- Opening Delimiter -
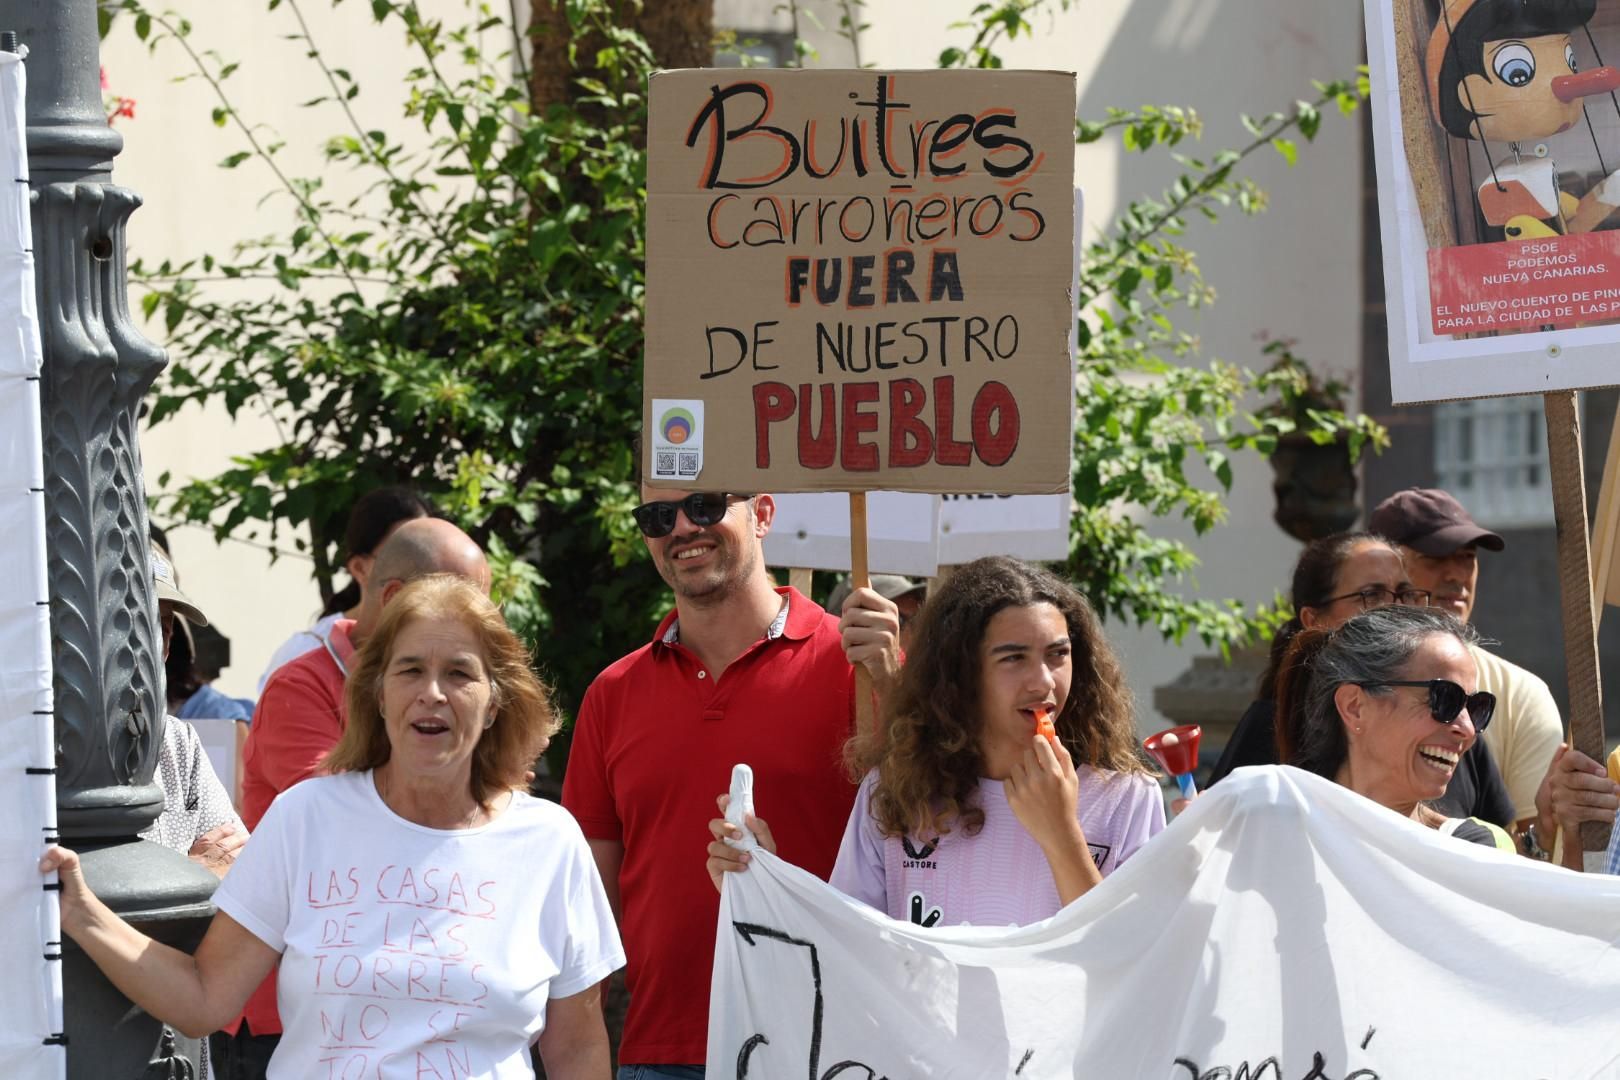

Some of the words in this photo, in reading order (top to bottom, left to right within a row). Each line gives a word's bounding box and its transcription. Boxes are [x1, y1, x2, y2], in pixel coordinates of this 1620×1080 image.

[686, 75, 1043, 189] Buitres
[707, 185, 1045, 248] carroñeros
[1508, 253, 1577, 269] PODEMOS
[1521, 242, 1558, 255] PSOE
[784, 247, 964, 309] FUERA
[1483, 271, 1529, 285] NUEVA
[1533, 263, 1609, 280] CANARIAS.
[1436, 305, 1453, 316] EL
[1460, 300, 1508, 313] NUEVO
[1511, 293, 1568, 308] CUENTO
[1572, 291, 1591, 302] DE
[1594, 288, 1620, 300] PIN
[1438, 316, 1474, 329] PARA
[1478, 314, 1496, 324] LA
[1499, 308, 1551, 322] CIUDAD
[1555, 306, 1573, 317] DE
[1580, 302, 1608, 314] LAS
[701, 321, 779, 379] DE
[816, 314, 1019, 374] NUESTRO
[752, 375, 1020, 472] PUEBLO
[902, 860, 937, 870] CASTORE
[308, 867, 359, 904] LAS
[376, 865, 496, 916] CASAS
[321, 912, 363, 945] DE
[383, 912, 469, 956] LAS
[313, 954, 489, 1002] TORRES
[320, 1004, 390, 1042] NO
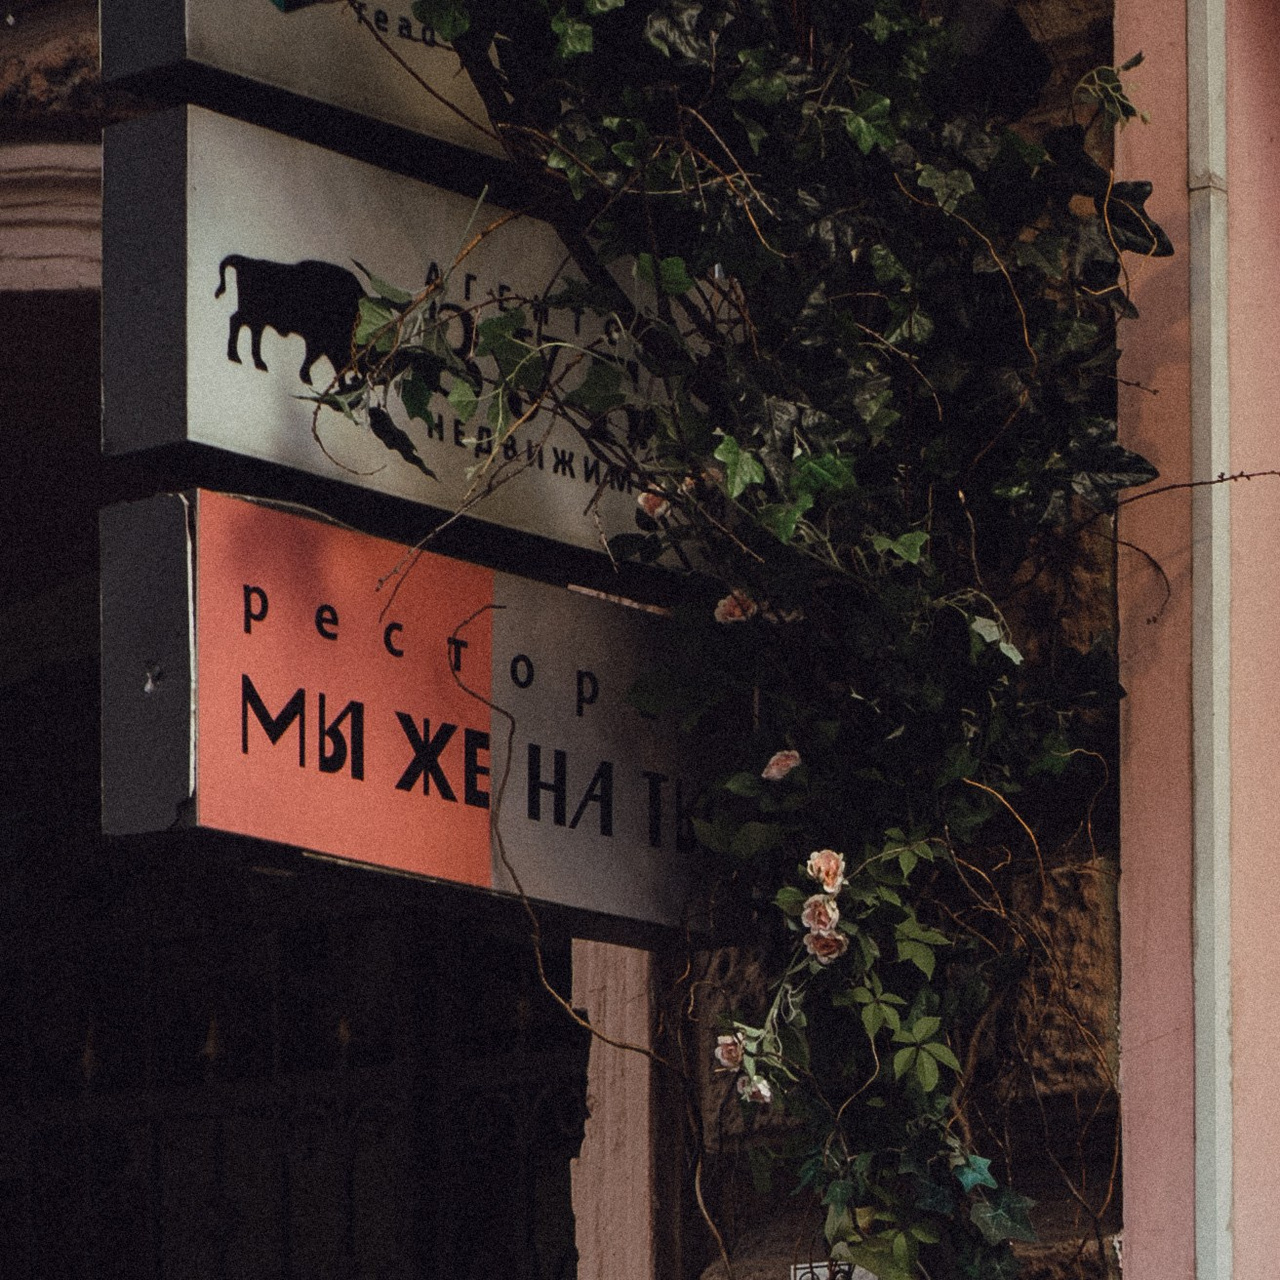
- Closing Delimiter -
#### [TASK REQUIREMENTS]
The complete listing must be transcribed verbatim, and all pictures are to be omitted.

#### [WRITTEN ANSWER]
Some of the words in this photo, in reading order (top to bottom, left to right within a row). Each line gives a word's bounding box and its transcription. Boxes are [x1, y1, x2, y2], in pixel coordinates of this 1620×1080 image.

[686, 75, 1043, 189] Buitres
[707, 185, 1045, 248] carroñeros
[1508, 253, 1577, 269] PODEMOS
[1521, 242, 1558, 255] PSOE
[784, 247, 964, 309] FUERA
[1483, 271, 1529, 285] NUEVA
[1533, 263, 1609, 280] CANARIAS.
[1436, 305, 1453, 316] EL
[1460, 300, 1508, 313] NUEVO
[1511, 293, 1568, 308] CUENTO
[1572, 291, 1591, 302] DE
[1594, 288, 1620, 300] PIN
[1438, 316, 1474, 329] PARA
[1478, 314, 1496, 324] LA
[1499, 308, 1551, 322] CIUDAD
[1555, 306, 1573, 317] DE
[1580, 302, 1608, 314] LAS
[701, 321, 779, 379] DE
[816, 314, 1019, 374] NUESTRO
[752, 375, 1020, 472] PUEBLO
[902, 860, 937, 870] CASTORE
[308, 867, 359, 904] LAS
[376, 865, 496, 916] CASAS
[321, 912, 363, 945] DE
[383, 912, 469, 956] LAS
[313, 954, 489, 1002] TORRES
[320, 1004, 390, 1042] NO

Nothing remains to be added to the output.